Intercompany Promissory Note



In connection with and upon closing of the Notes Offering, we loaned the gross
proceeds from the Notes Offering to the Operating Company under the terms of
that certain subordinated promissory note, dated as of October 16, 2019, by the
Operating Company in favor of us, which we refer to as the Intercompany
Promissory Note. The Intercompany Promissory Note requires the Operating Company
to repay the underlying loan to us on the same terms and in the same amounts as
the Notes and has the same maturity date, interest rate, change of control
repurchase and redemption provisions.

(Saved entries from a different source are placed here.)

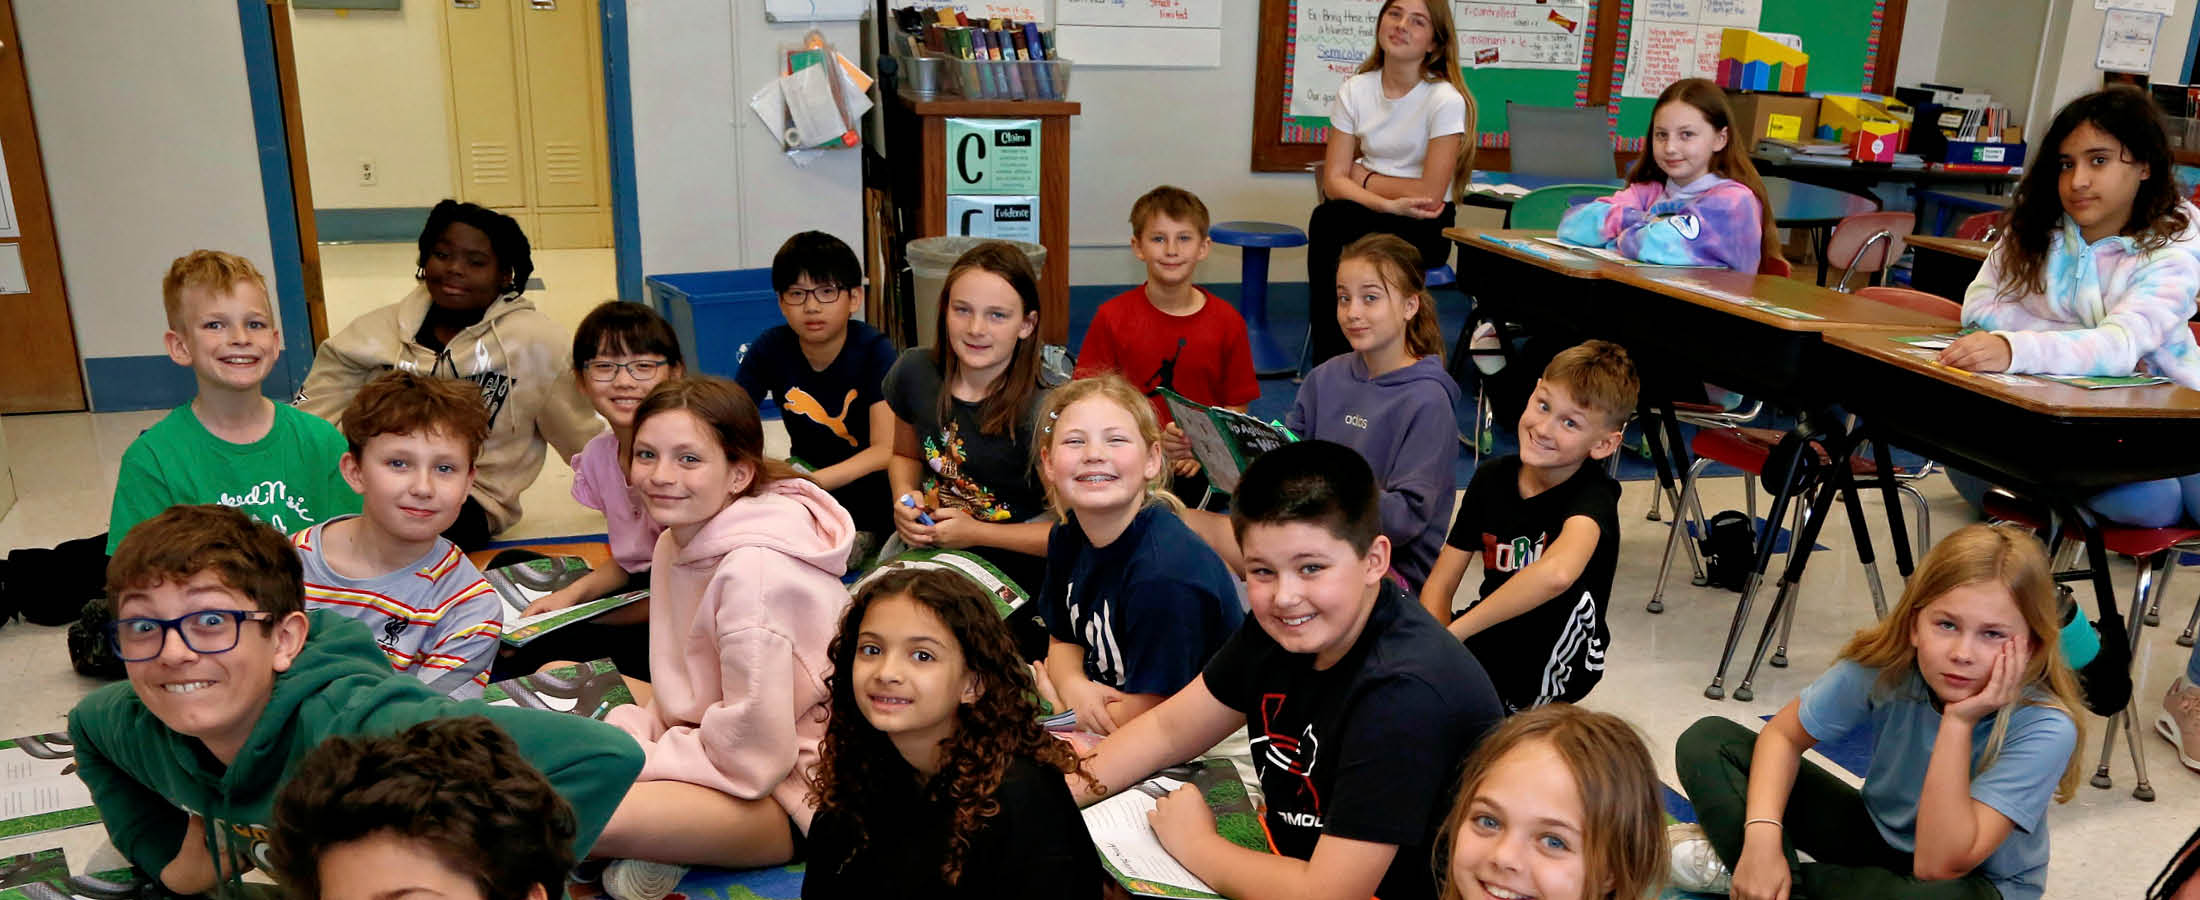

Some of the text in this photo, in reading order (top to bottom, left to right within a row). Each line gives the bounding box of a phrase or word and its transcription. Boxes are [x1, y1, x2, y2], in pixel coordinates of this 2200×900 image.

[1001, 132, 1026, 144] Claim
[957, 132, 986, 184] C
[996, 208, 1029, 219] Evidence
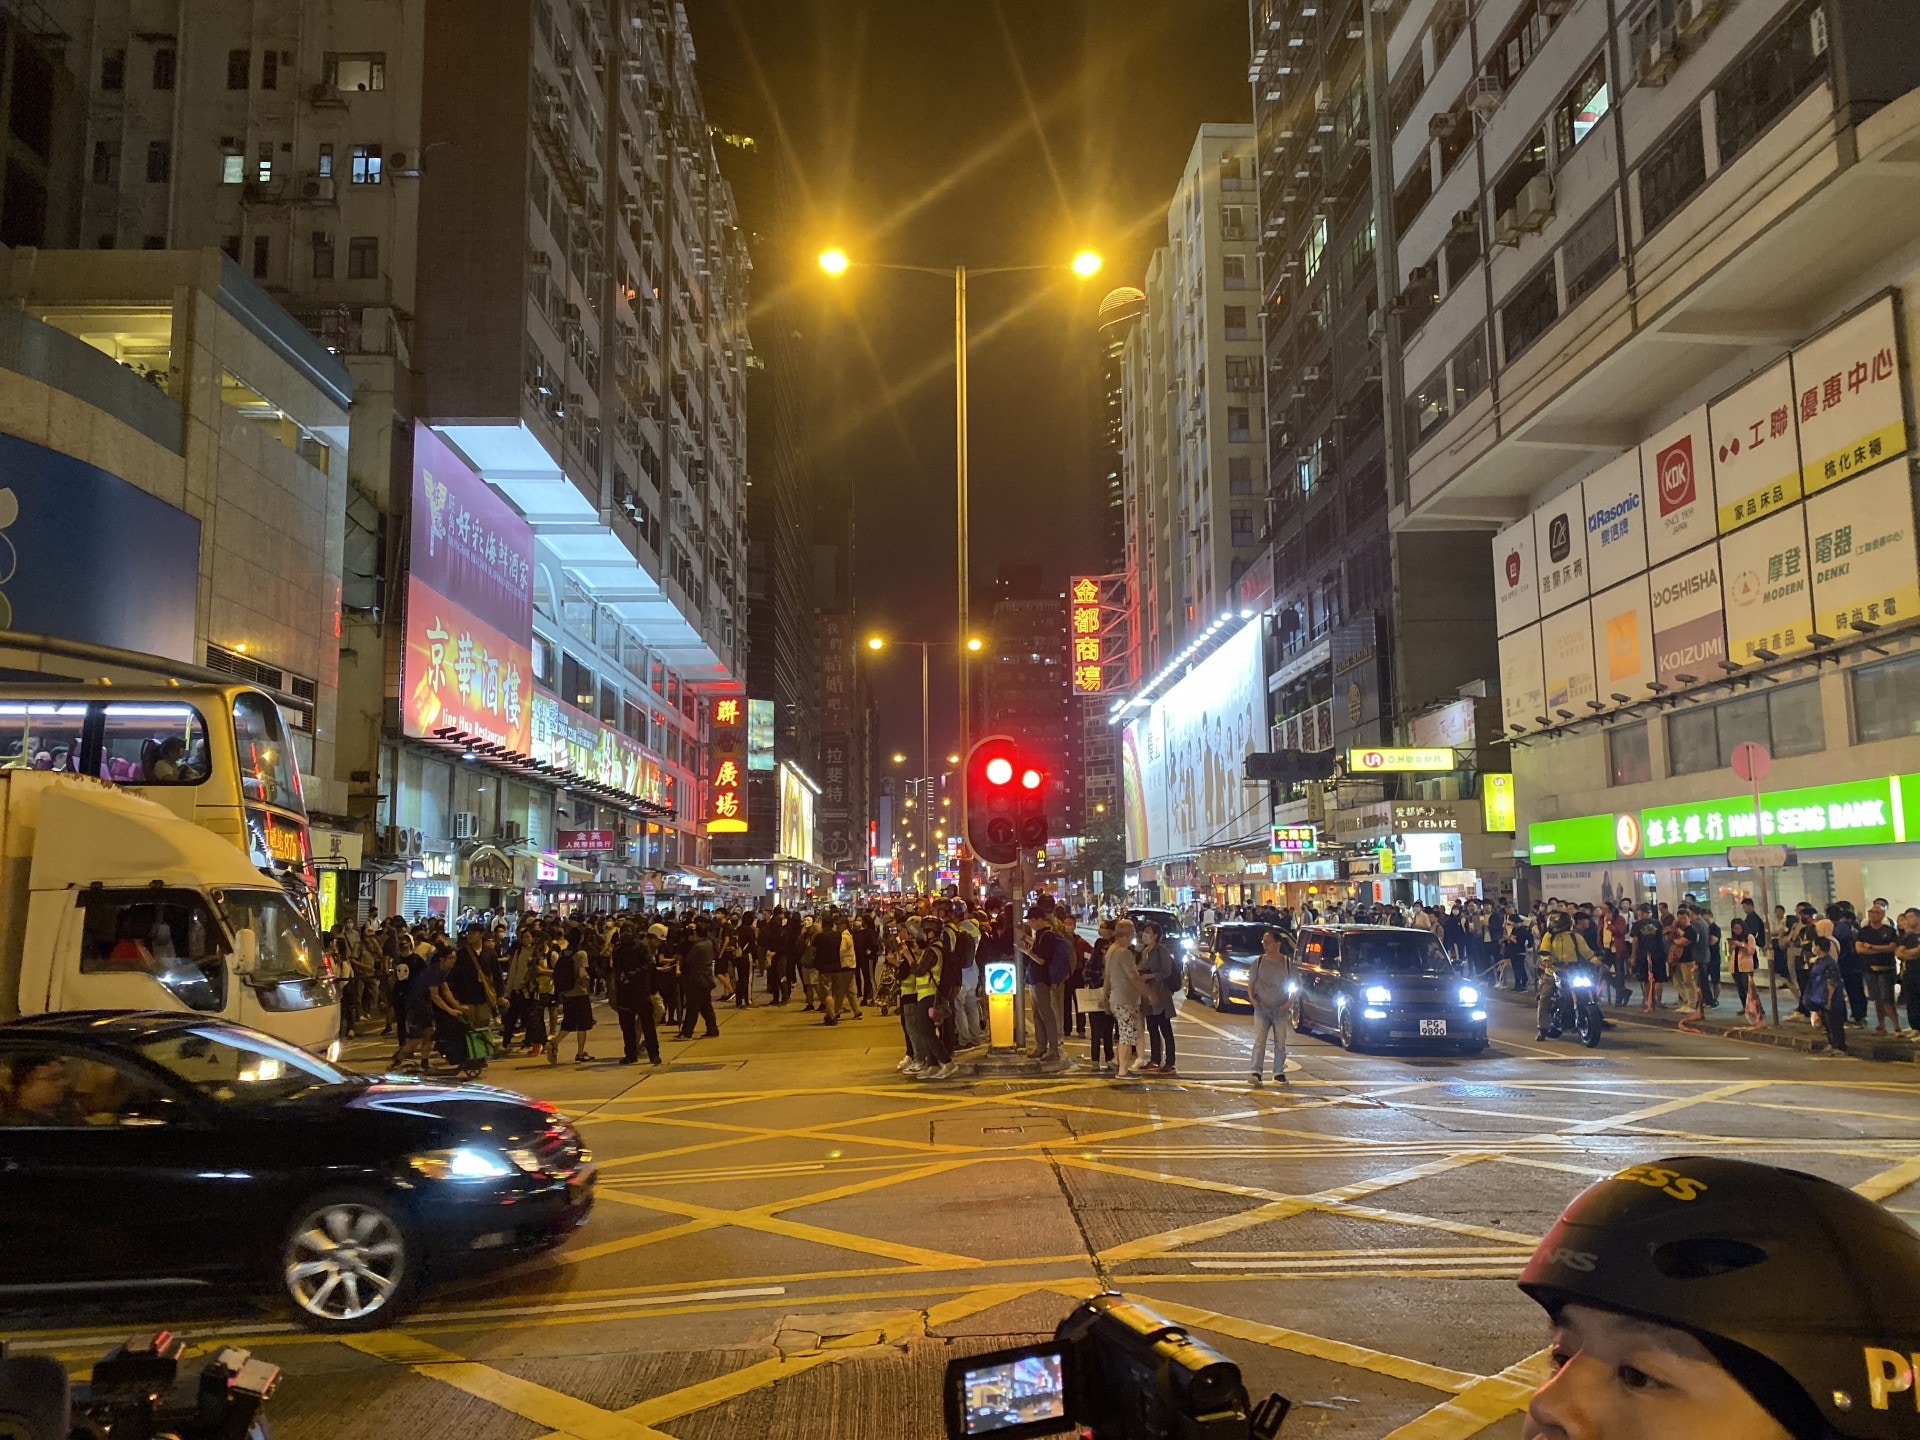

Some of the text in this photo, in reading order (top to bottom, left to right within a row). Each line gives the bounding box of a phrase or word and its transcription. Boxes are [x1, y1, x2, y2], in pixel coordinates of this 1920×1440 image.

[1748, 347, 1894, 451] 工聯優惠中心
[1665, 461, 1687, 492] KDK
[1595, 492, 1640, 529] Rasonic
[1734, 484, 1784, 521] 家品床品
[456, 503, 529, 592] 好彩海鮮酒家
[1652, 567, 1719, 609] DOSHISHA
[1762, 562, 1850, 604] MODERN DENKI
[426, 615, 521, 730] 京華酒樓
[1658, 636, 1723, 673] KOIZUMI
[458, 715, 473, 735] Hua
[1776, 804, 1827, 835] SENG
[1828, 799, 1887, 831] BANK
[1421, 1027, 1445, 1036] 9890
[1426, 1020, 1440, 1028] PG
[1863, 1346, 1920, 1414] P

Our right to receive payment under the
Intercompany Promissory Note is contractually subordinated to the Operating
Company's guarantee of the notes and is structurally subordinated to all of the
Operating Company's secured indebtedness (including all borrowings and other
obligations under the Operating Company's revolving credit facility) to the
extent of the value of the collateral securing such indebtedness.

Contractual Obligations

There were no material changes in our contractual obligations and other commitments as disclosed in our Annual Report on Form 10-K for the year ended December 31, 2019.

Critical Accounting Policies

There have been no changes to our critical accounting policies from those disclosed in our Annual Report on Form 10-K for the year ended December 31, 2019.

Off-Balance Sheet Arrangements

We currently have no off-balance sheet arrangements.